RCSI delivered interrogatories in October 2019 without the prior leave of the court. No substantive response was received. In response to a reminder letter from RCSI’s solicitors, NSfS’ solicitors sent a holding reply in November 2019. NSfS argued that RCSI was not entitled to delivery them without prior leave of the court, as the pleadings did not expressly allege fraud or breach of trust.
Mr Justice Garrett Simons said that the requirement for the prior leave of the court, while an important safeguard, is not the only protection afforded to the party to be interrogated. A party is entitled to impugn interrogatories on a wide range of grounds, including inter alia that they are unreasonable, oppressive or irrelevant.
Mr Justice Simons noted that the procedural device of interrogatories was one originally available only in the Court of Chancery, and the concept of “fraud” should therefore be interpreted as it would have been understood by courts exercising equitable jurisdiction.

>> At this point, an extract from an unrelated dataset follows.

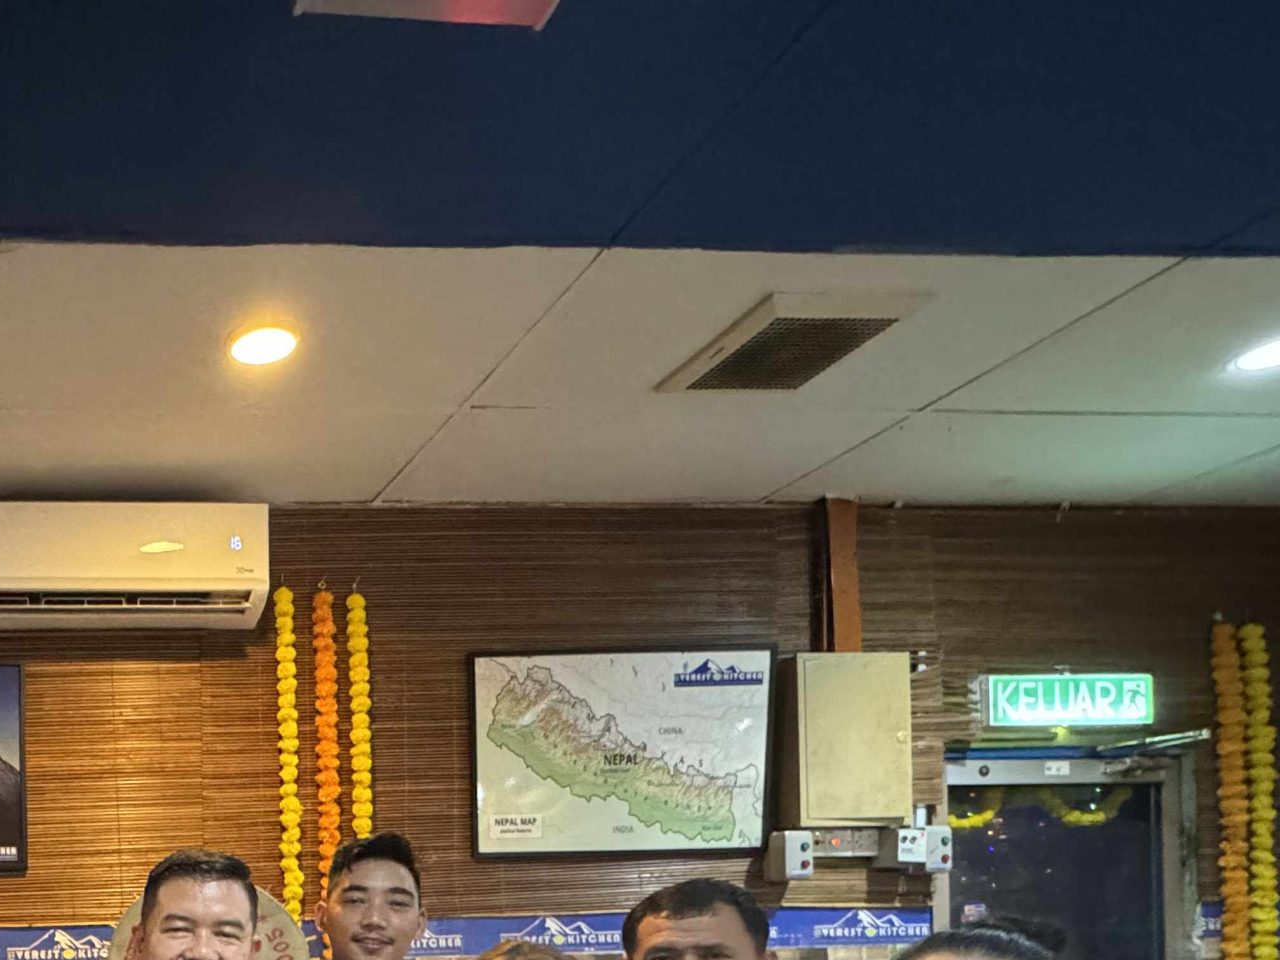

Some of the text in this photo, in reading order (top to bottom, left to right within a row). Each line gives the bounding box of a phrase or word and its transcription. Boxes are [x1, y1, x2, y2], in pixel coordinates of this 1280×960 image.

In this regard, counsel for RCSI cited the House of Lords decision of Lord Chancellor Haldane in Nocton v Lord Ashburton  AC 932 as authority for the proposition that, in the Court of Chancery, the term “fraud” came to be used to describe what fell short of deceit. An actual intention to cheat does not always have to be proved: “What it really means in this connection is, not moral fraud in the ordinary sense, but breach of the sort of obligation which is enforced by a Court that from the beginning regarded itself as a Court of conscience.”
Mr Justice Simons found that NSfS’ case involved allegation of dishonesty against RCSI. These suggestions of dishonesty mean in substance, that the cause is grounded on a claim of “fraud” in the equitable sense. RCSI was therefore entitled to deliver its interrogatories without prior leave of the court.